**Instructions to follow**
Repeat the data exactly. Pictures are not part of the copy.

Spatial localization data
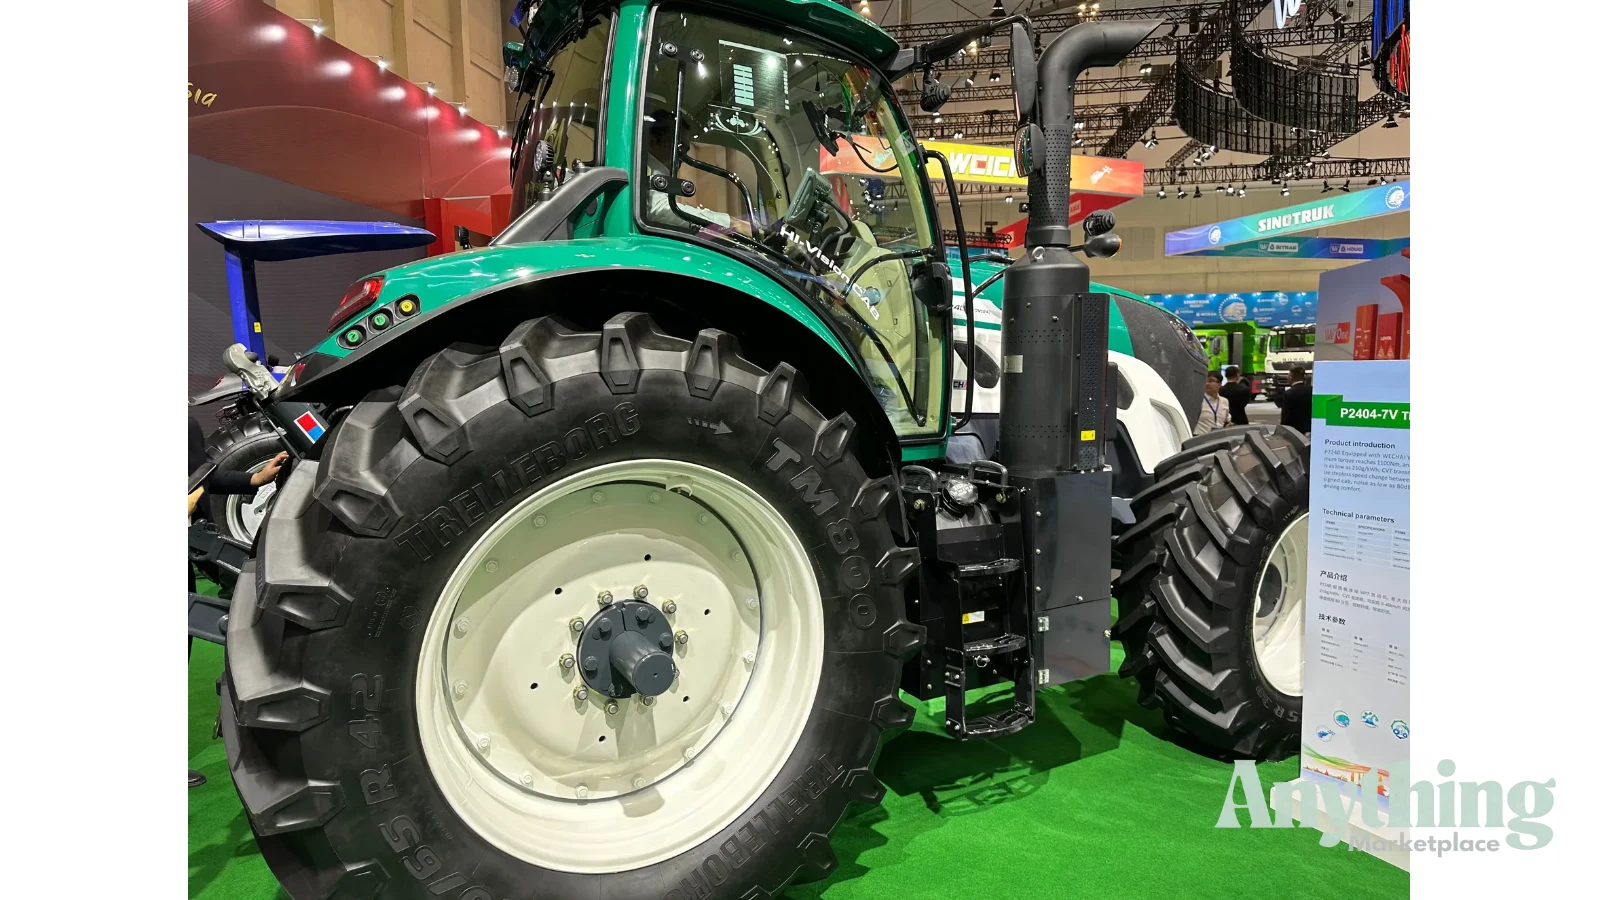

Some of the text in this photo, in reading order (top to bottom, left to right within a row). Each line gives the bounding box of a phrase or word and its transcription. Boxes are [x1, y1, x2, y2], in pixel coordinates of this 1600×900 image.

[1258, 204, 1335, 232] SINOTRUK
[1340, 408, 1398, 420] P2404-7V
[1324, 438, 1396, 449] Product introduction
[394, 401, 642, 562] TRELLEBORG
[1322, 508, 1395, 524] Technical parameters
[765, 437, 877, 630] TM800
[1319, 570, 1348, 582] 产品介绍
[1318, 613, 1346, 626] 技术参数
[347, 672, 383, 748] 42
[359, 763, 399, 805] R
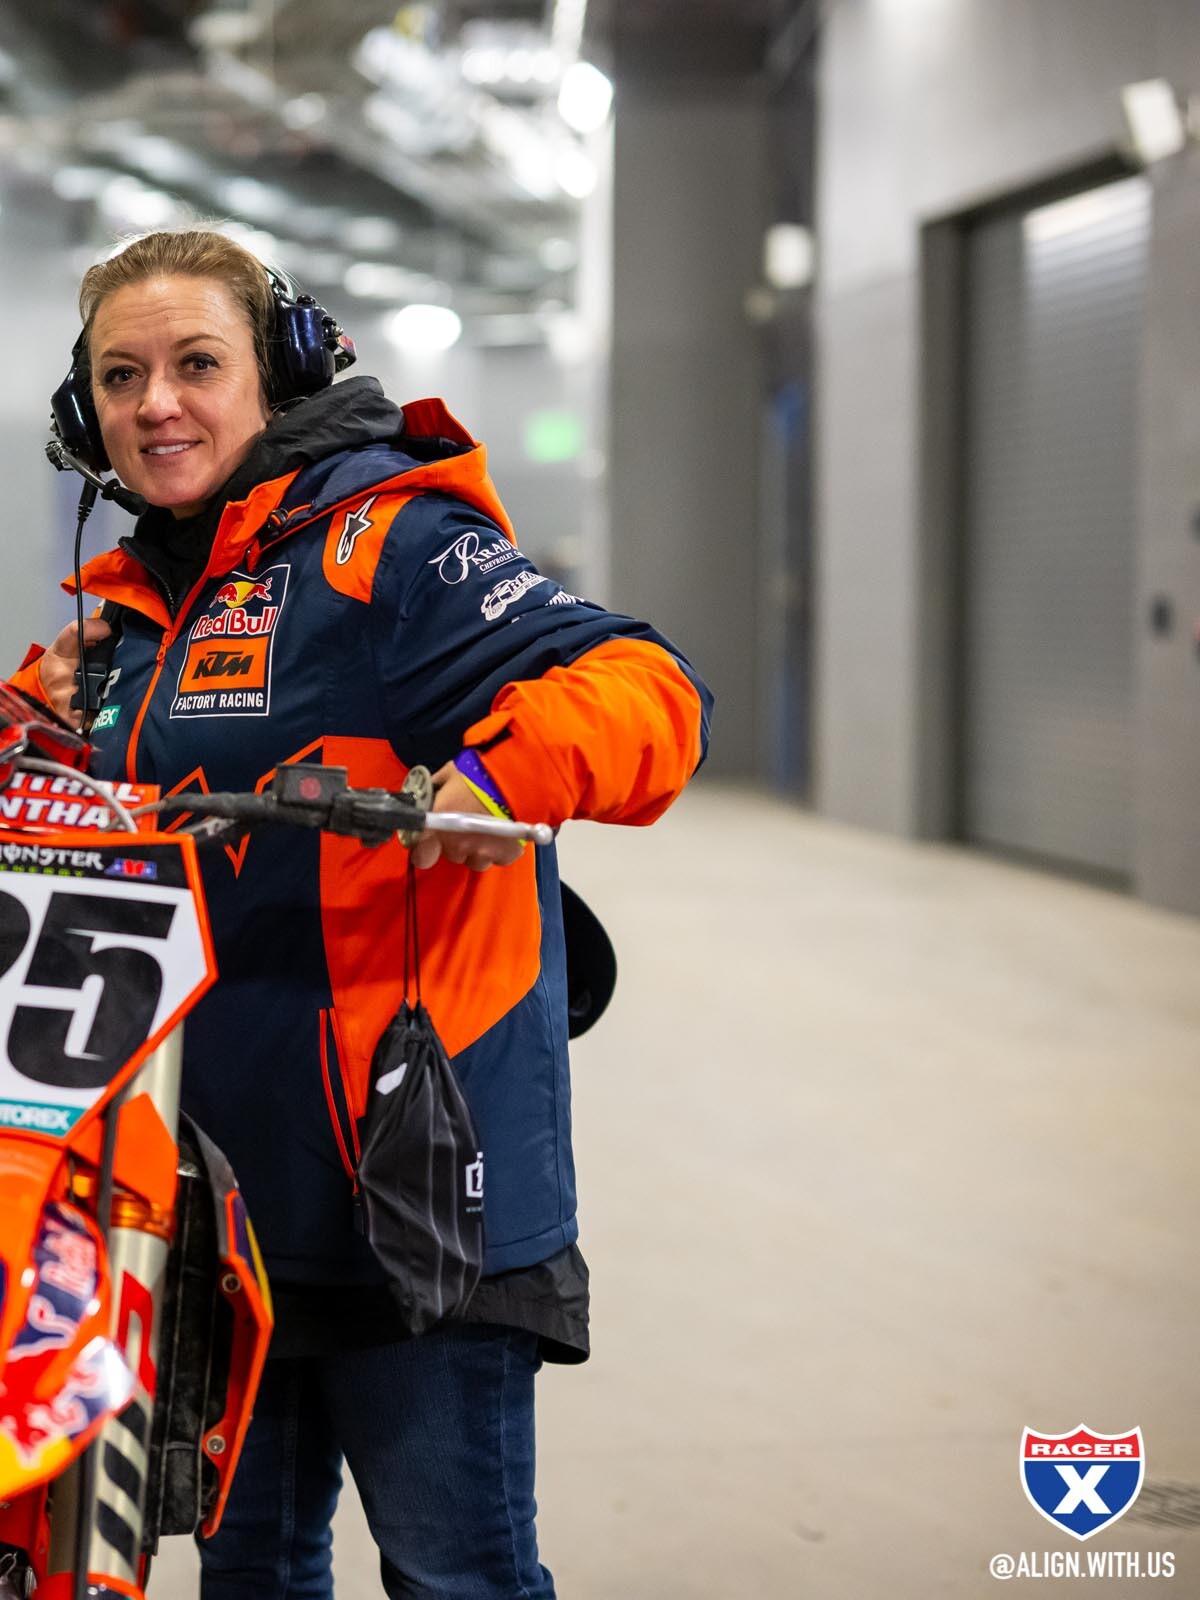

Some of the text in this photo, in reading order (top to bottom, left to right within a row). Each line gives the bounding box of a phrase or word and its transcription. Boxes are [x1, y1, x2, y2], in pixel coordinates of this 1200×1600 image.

**Solution below**
Some of the text in this photo, in reading order (top to bottom, left to right within a row). Each line gives the bounding box of a phrase or word and its transcription. Boxes are [x1, y1, x2, y2], in pixel coordinates of this 1600×900 image.

[1258, 204, 1335, 232] SINOTRUK
[1340, 408, 1398, 420] P2404-7V
[1324, 438, 1396, 449] Product introduction
[394, 401, 642, 562] TRELLEBORG
[1322, 508, 1395, 524] Technical parameters
[765, 437, 877, 630] TM800
[1319, 570, 1348, 582] 产品介绍
[1318, 613, 1346, 626] 技术参数
[347, 672, 383, 748] 42
[359, 763, 399, 805] R

Some of the text in this photo, in reading order (top to bottom, left to right within a row). Each line gives the bounding box of a phrase or word and its transcription. Boxes are [x1, y1, x2, y2], in pixel coordinates of this 1200×1600 image.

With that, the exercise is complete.